Há uma frase do escritor Mitch Albom, em As Cinco Pessoas que Você Encontra no Céu, que diz: "A vida tem que acabar. O amor não."
Talvez seja por isso que sentimos tanta falta de quem se vai cedo demais. Porque o que existiu entre nós e essa pessoa não desaparece, mas continua vivo nas histórias que contamos, nos sorrisos que lembramos, nos hábitos que herdamos sem perceber e nas pequenas coisas do dia a dia que, de repente, ganham um significado diferente.
Hoje, a newsletter chega com o coração mais apertado do que de costume. Um dos nossos amigos de trabalho aqui no the news nos deixou. Nos deixou, mas também deixou seu legado de sorriso, alegria, positividade e leveza.
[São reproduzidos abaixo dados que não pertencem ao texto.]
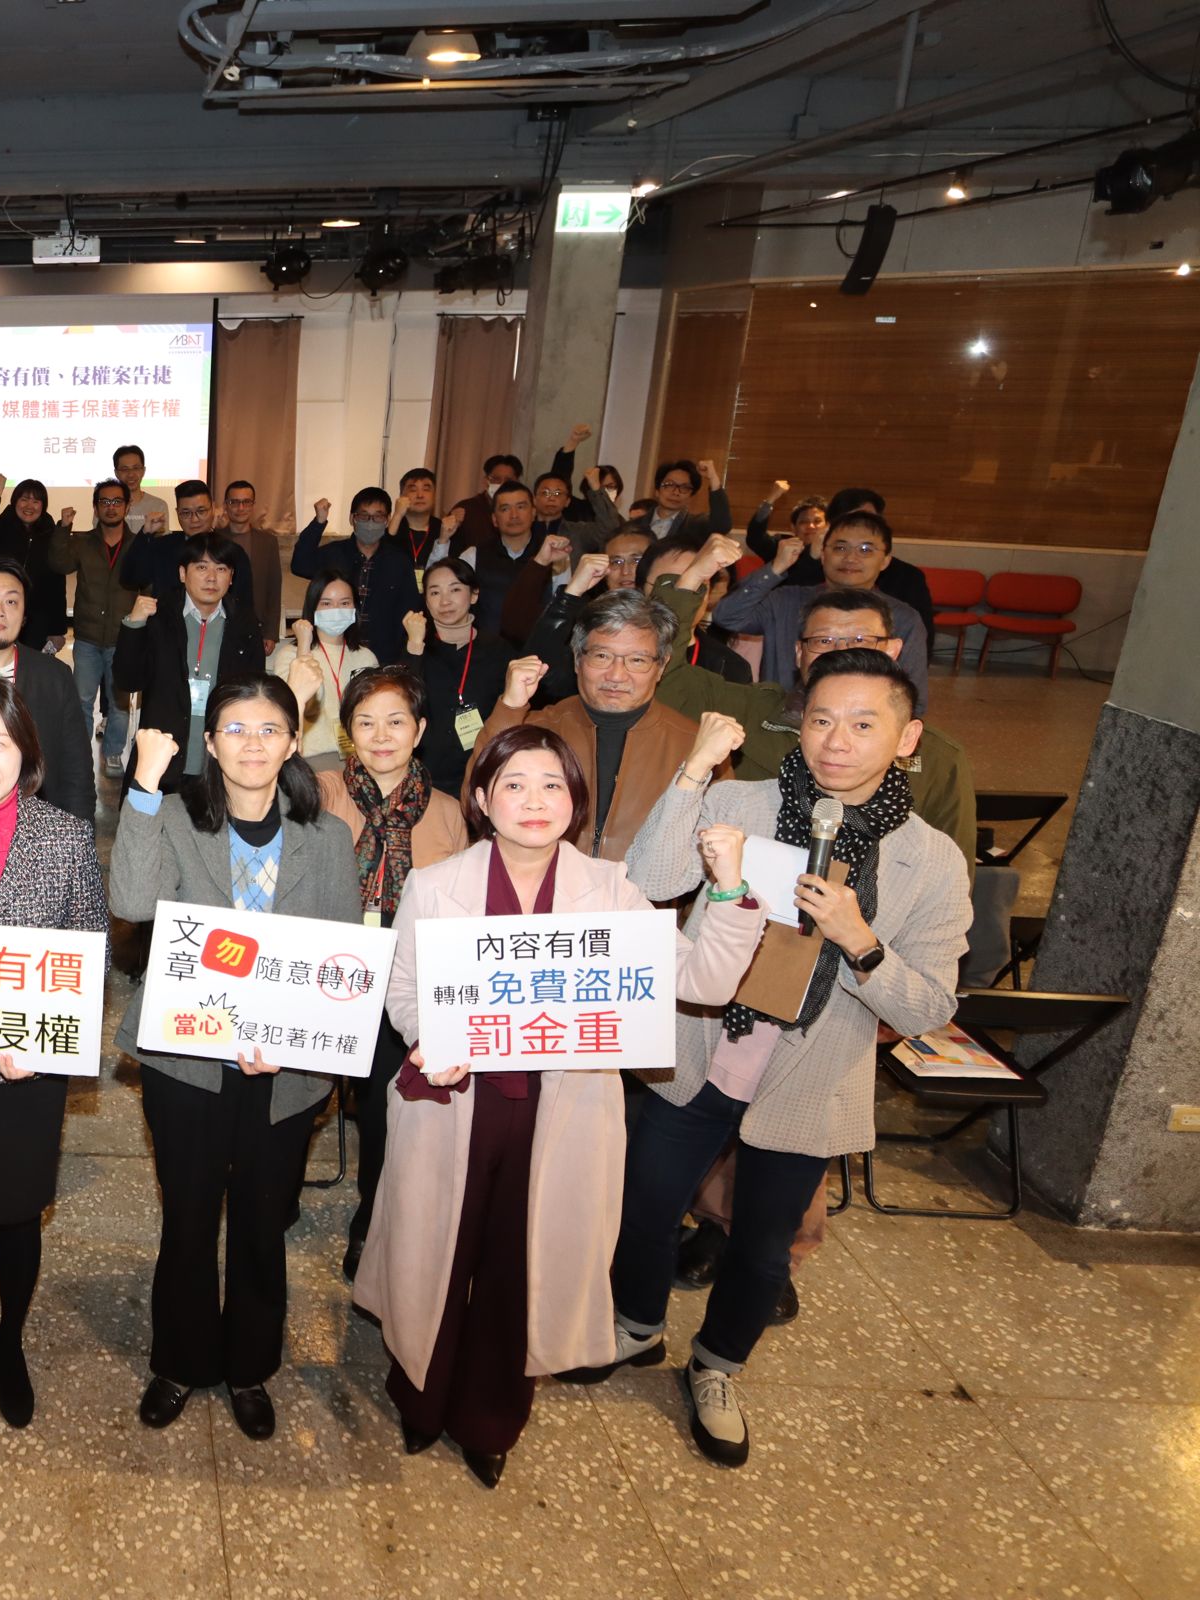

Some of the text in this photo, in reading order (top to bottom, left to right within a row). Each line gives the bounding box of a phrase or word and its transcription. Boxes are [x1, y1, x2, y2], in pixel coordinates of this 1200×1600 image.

[169, 334, 202, 346] MBAT
[43, 436, 97, 454] 記者會
[164, 915, 205, 982] 文章
[476, 928, 612, 961] 內容有價
[433, 966, 656, 1006] 轉傳 免費盜版
[174, 1013, 359, 1055] 當心 侵犯著作權
[466, 1010, 623, 1057] 罰金重
Se você também está passando por uma perda, recente ou não, espero que encontre algum conforto nessa ideia. Há despedidas que a vida impõe. Mas há amor que o tempo não leva.
Descanse em paz, JV.
BIG STORY
"A jornada é a sua própria recompensa."

(Imagem: Reprodução)
Há quase três mil anos, alguém contou uma história tão poderosa que sobreviveu a impérios, idiomas e gerações. Chamamos esse alguém de Homero, embora ninguém saiba ao certo quem ele foi — e se foi realmente uma pessoa.
O que sabemos é que sua voz, real ou coletiva, ecoa até hoje nas páginas de uma das obras mais importantes da literatura: A Odisseia.
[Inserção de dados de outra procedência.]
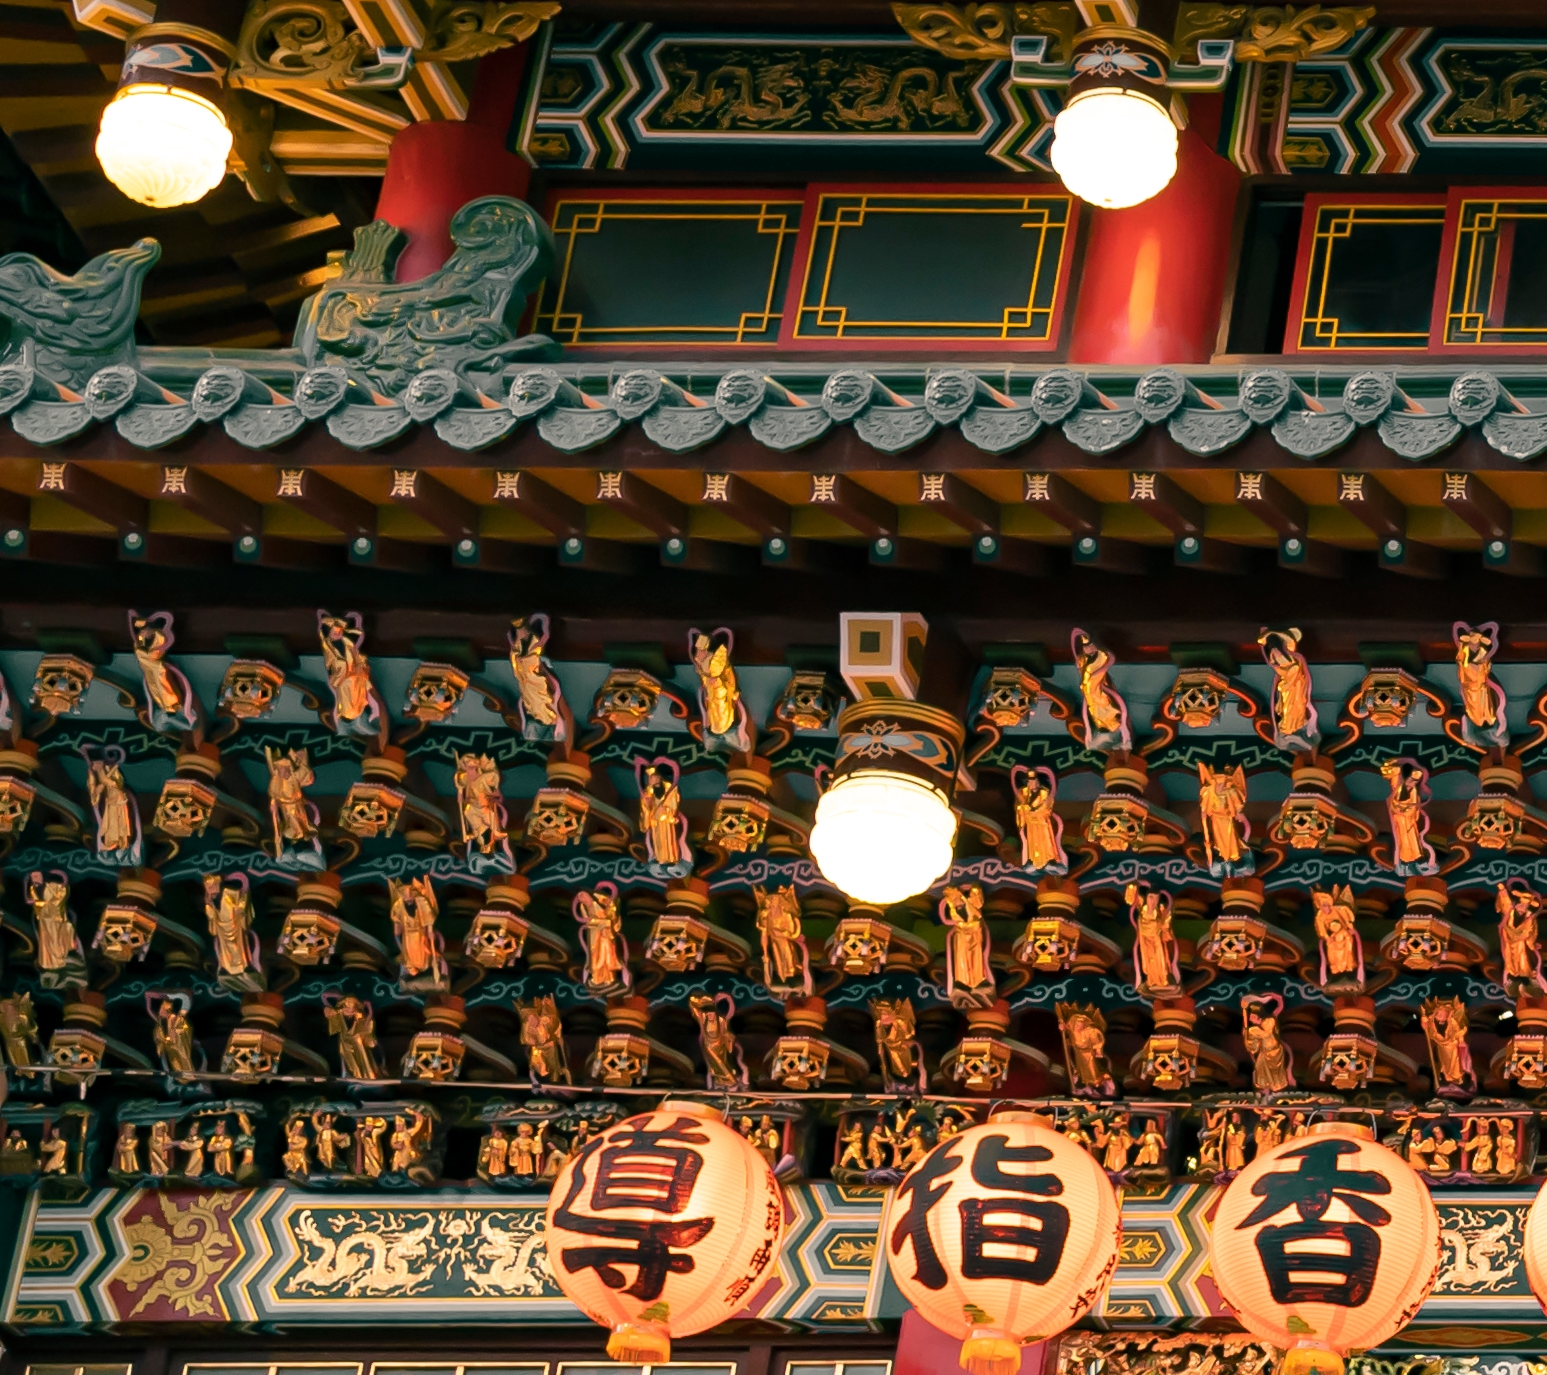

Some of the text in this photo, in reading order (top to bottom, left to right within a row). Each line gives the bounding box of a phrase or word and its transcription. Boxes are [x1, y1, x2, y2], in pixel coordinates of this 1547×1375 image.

[552, 1114, 716, 1302] 導
[892, 1133, 1071, 1291] 指
[1234, 1137, 1393, 1309] 香
A história começa após a Guerra de Troia. Enquanto os heróis celebram a vitória, um deles ainda precisa encontrar o caminho de casa. Odisseu parte em direção a Ítaca, mas o mar tem outros planos.
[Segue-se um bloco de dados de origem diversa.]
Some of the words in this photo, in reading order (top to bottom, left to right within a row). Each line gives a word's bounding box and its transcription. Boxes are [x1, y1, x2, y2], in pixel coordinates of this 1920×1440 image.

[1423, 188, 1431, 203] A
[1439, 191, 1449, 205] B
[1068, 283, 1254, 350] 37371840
Entre monstros, tempestades, deuses caprichosos e ilhas encantadas, sua viagem se transforma em uma jornada de dez anos.
Em Ítaca, sua esposa Penélope o espera. Sozinha à frente de um reino, cercada por mais de cem pretendentes que desejam seu trono e sua cama, ela resiste ano após ano sem nenhuma garantia de que o marido ainda esteja vivo — e muito menos de que Odisseu vá voltar.
Apesar dos monstros, dos deuses e das batalhas, A Odisseia sobreviveu por tanto tempo porque fala de algo que, três mil anos depois, continua existindo: a espera.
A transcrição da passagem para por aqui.